Common tansy has a long history of medicinal use but has become a problem weed in pastures and along roadsides, fence lines and stream banks. This publication includes the most recent information on biology, ecology, history and management of this weed.

Last Updated: 06/19
by Ron LeCain, former graduate research assistant, and Roger Sheley, former MSU Extension Noxious Weed Specialist, Department of Land Resources and Environmental Sciences. Revised by Jane Mangold, Assoc.

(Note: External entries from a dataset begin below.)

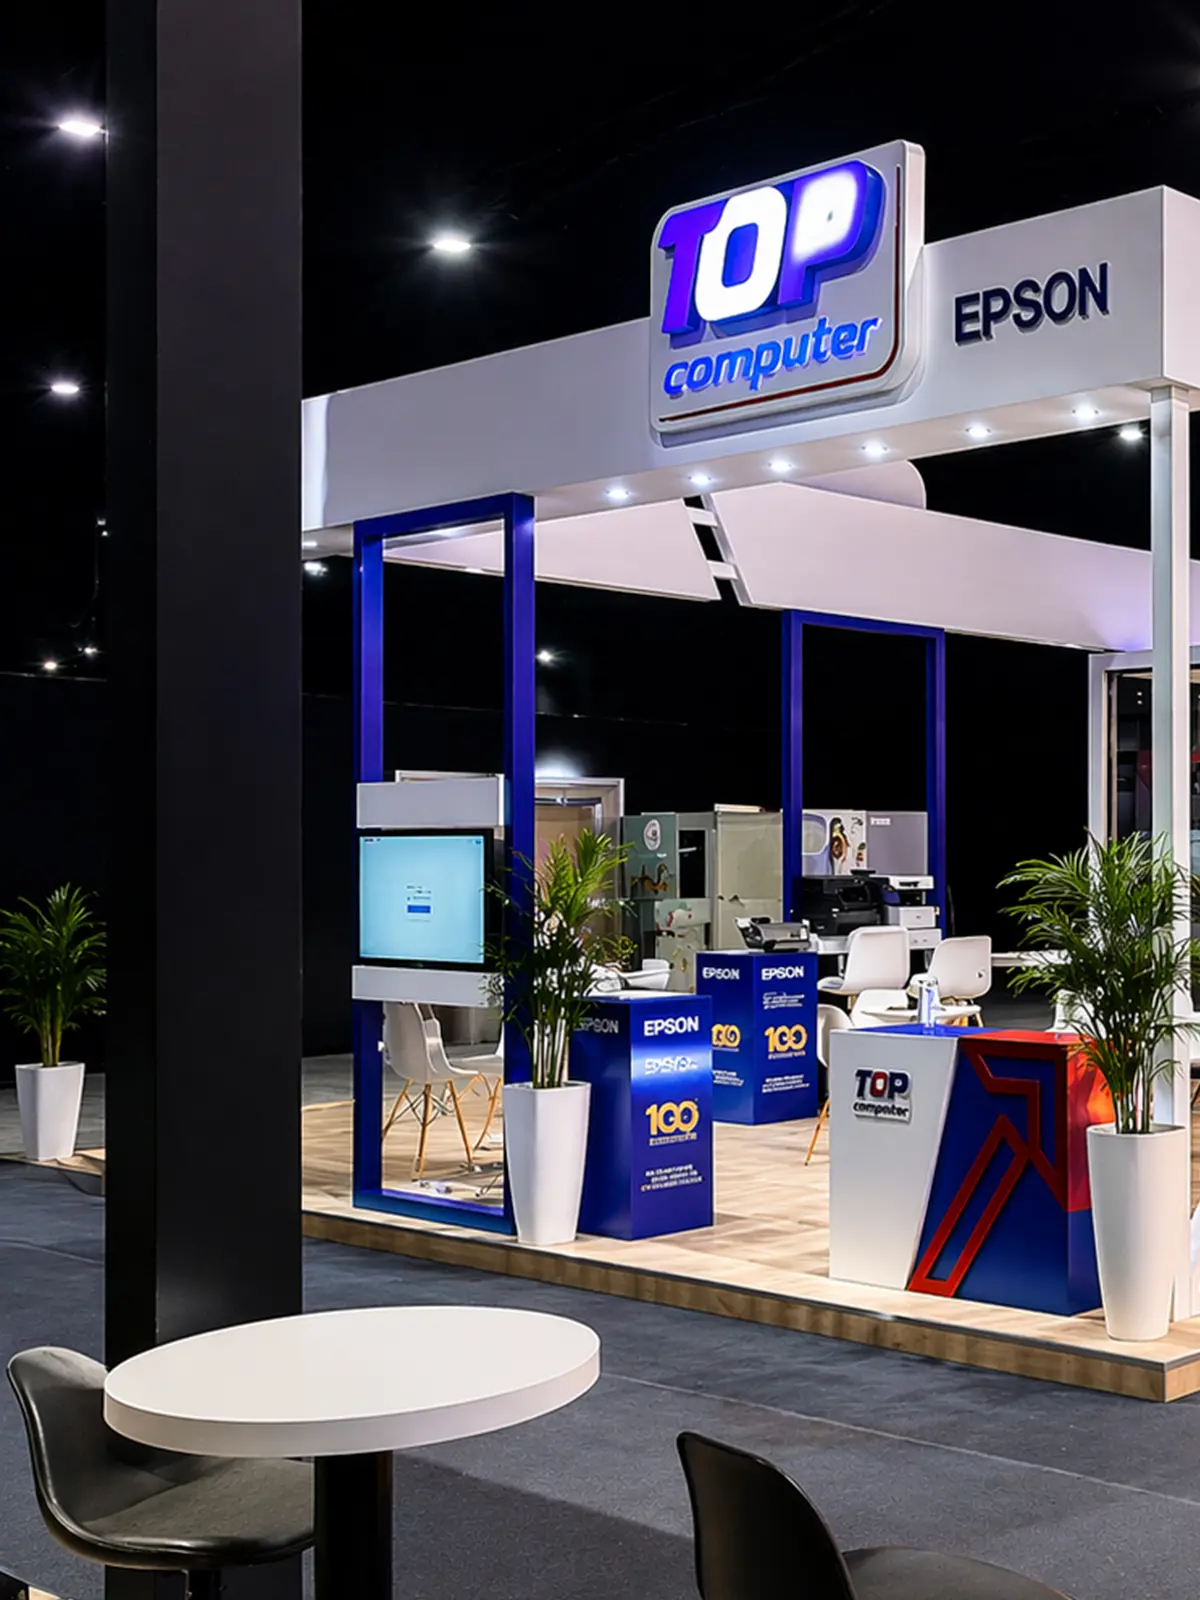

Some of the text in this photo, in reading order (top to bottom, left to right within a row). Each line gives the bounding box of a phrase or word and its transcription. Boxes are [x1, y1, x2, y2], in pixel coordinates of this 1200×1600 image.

[658, 160, 883, 338] TOP
[954, 262, 1110, 346] EPSON
[664, 317, 882, 396] computer
[702, 967, 740, 980] EPSON
[761, 966, 805, 981] EPSON
[643, 1016, 699, 1037] EPSON
[764, 1024, 808, 1053] 100
[855, 1068, 910, 1100] TOP
[645, 1100, 699, 1136] 100

Professor, Extension Invasive Plant Specialist


known as golden buttons and garden tansy, is a perennial herb in the sunflower family. This species, native to Europe, has a long history of medicinal use. It was first introduced to North America for use in folk remedies and as an ornamental plant.

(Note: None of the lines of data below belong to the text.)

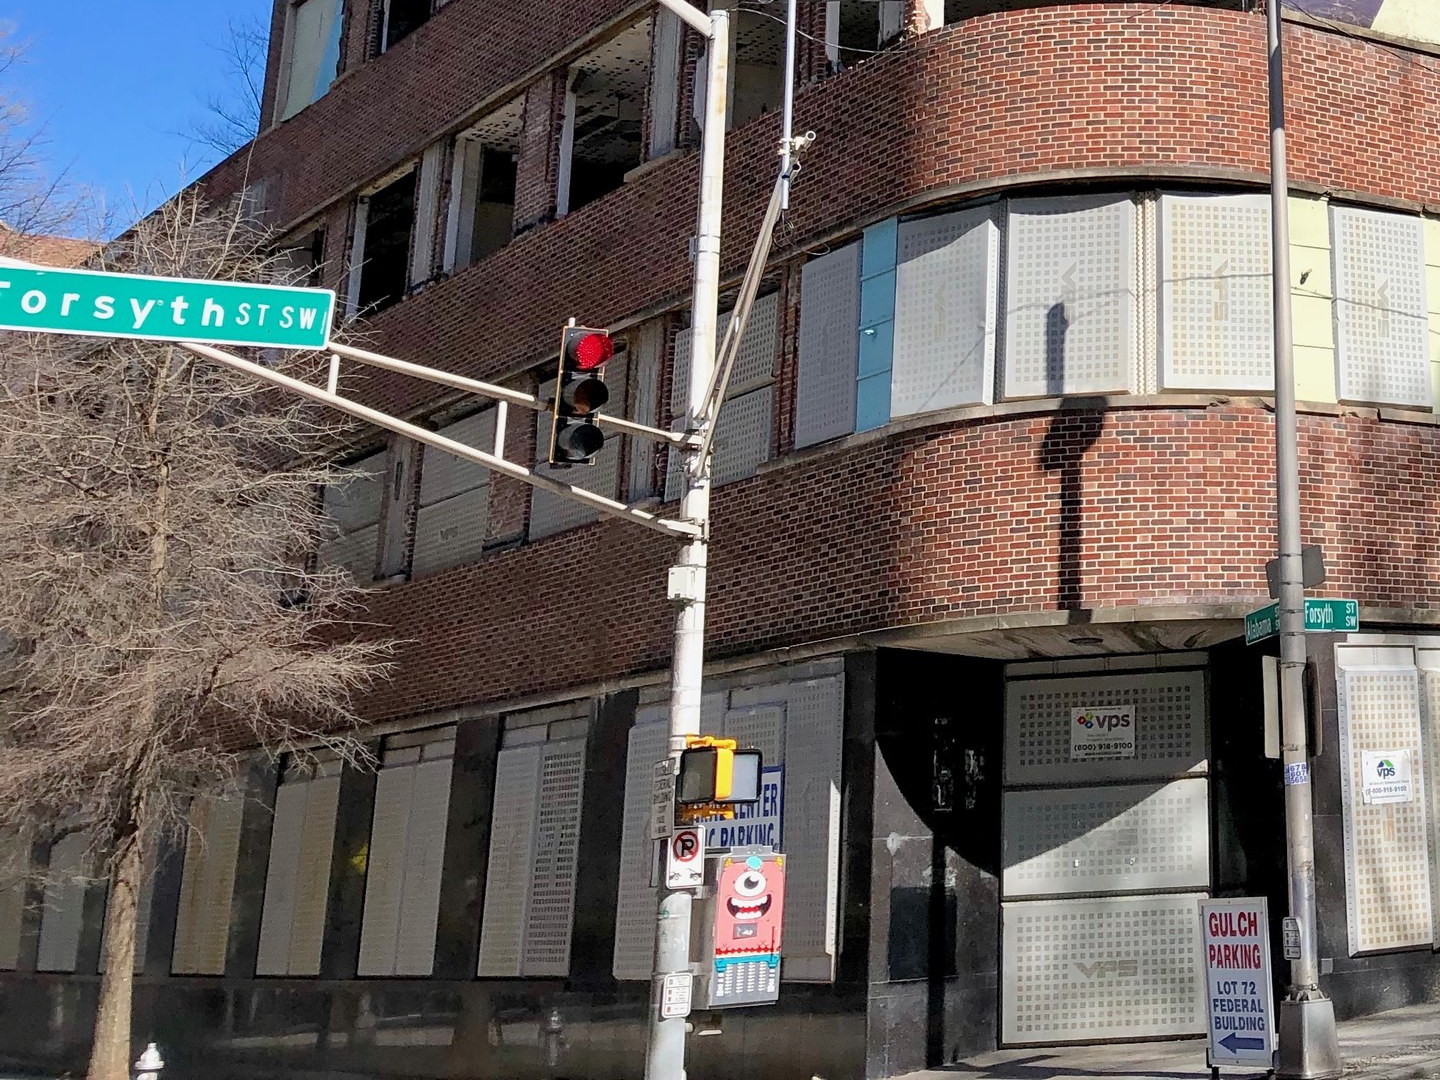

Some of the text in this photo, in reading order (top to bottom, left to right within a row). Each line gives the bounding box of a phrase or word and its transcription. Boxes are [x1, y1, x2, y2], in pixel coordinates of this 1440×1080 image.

[235, 302, 271, 327] ST
[279, 305, 317, 331] SW
[1305, 602, 1355, 628] Forsyth ST
[1346, 616, 1356, 627] SW
[1094, 713, 1131, 732] vps
[1376, 767, 1396, 780] vps
[720, 822, 775, 848] PARKING
[1208, 911, 1258, 937] GULCH
[1208, 943, 1262, 970] PARKING
[1073, 959, 1138, 980] VPS
[1216, 981, 1257, 995] LOT 72
[1213, 998, 1264, 1014] FEDERAL
[1214, 1015, 1265, 1031] BUILDING

The plants contain alkaloids that are toxic to both humans and livestock if consumed in large quantities. Cases of livestock poisoning are rare, though, because tansy is unpalatable to grazing animals. Human consumption of common tansy has been practiced for centuries with few ill effects, yet the toxic properties of the plants are cumulative and long term consumption of large quantities has caused convulsions and even death. In addition, hand pulling of common tansy has been reported to cause illness, suggesting toxins may be absorbed through unprotected skin.

Common tansy is an invader of disturbed sites and is commonly found on roadsides, fence rows, pastures, stream banks and waste areas throughout North America. It may threaten the ecological health of these areas through reduction in livestock forage, wildlife habitat and species diversity. Common tansy is listed as a noxious weed in Montana.



Mature common tansy plants are easily recognized by the flat-topped clusters of small, button-like, yellow flowers they bear in the summer (Figure 1). Common tansy has feathery, fern-like leaves (Figure 2). Stems of common tansy are often reddish in color (Figure 3, page 2). Common tansy can grow three to four feet tall.

Common tansy is often confused with tansy ragwort (Jacobaea vulgaris), a poisonous pasture weed and statewide noxious weed. Tansy ragwort can be distinguished from common tansy by its ray flowers (petals) (Figure 4, page 2), absence of sharp toothed leaves, and the long fringe of soft white hairs found on the seeds.


A cluster of small button-like yellow tansy flowers and a feathery tansy leaf.

FIGURE 1. Common tansy (left) has yellow, button-like flowers and feathery, fern-like leaves. Photo by Steve Dewey, Utah State University,


A single green tansy leaf displaying a fern-like leaf structure.

FIGURE 2. Feathery, fern-like leaf of common tansy. Photo by Mary Ellen Harte,


History and distribution

The first historical records of common tansy cultivation are from the ancient Greeks who used it for a variety of ailments. It was grown in the garden of Charlemagne the Great in the eighth century and in the herb gardens of Swiss Benedictine monks as a treatment for intestinal worms, rheumatism, fevers and digestive problems. In medieval times, common tansy in large doses was commonly used to induce abortions. Cases of cattle abortions in Pennsylvania have been circumstantially linked to common tansy, but this is not well substantiated. Ironically, smaller doses of common tansy were thought to prevent miscarriage and enhance fertility. Common tansy is still used in some medicines and is listed in the United States Pharmacopoeia as a treatment for colds and fever.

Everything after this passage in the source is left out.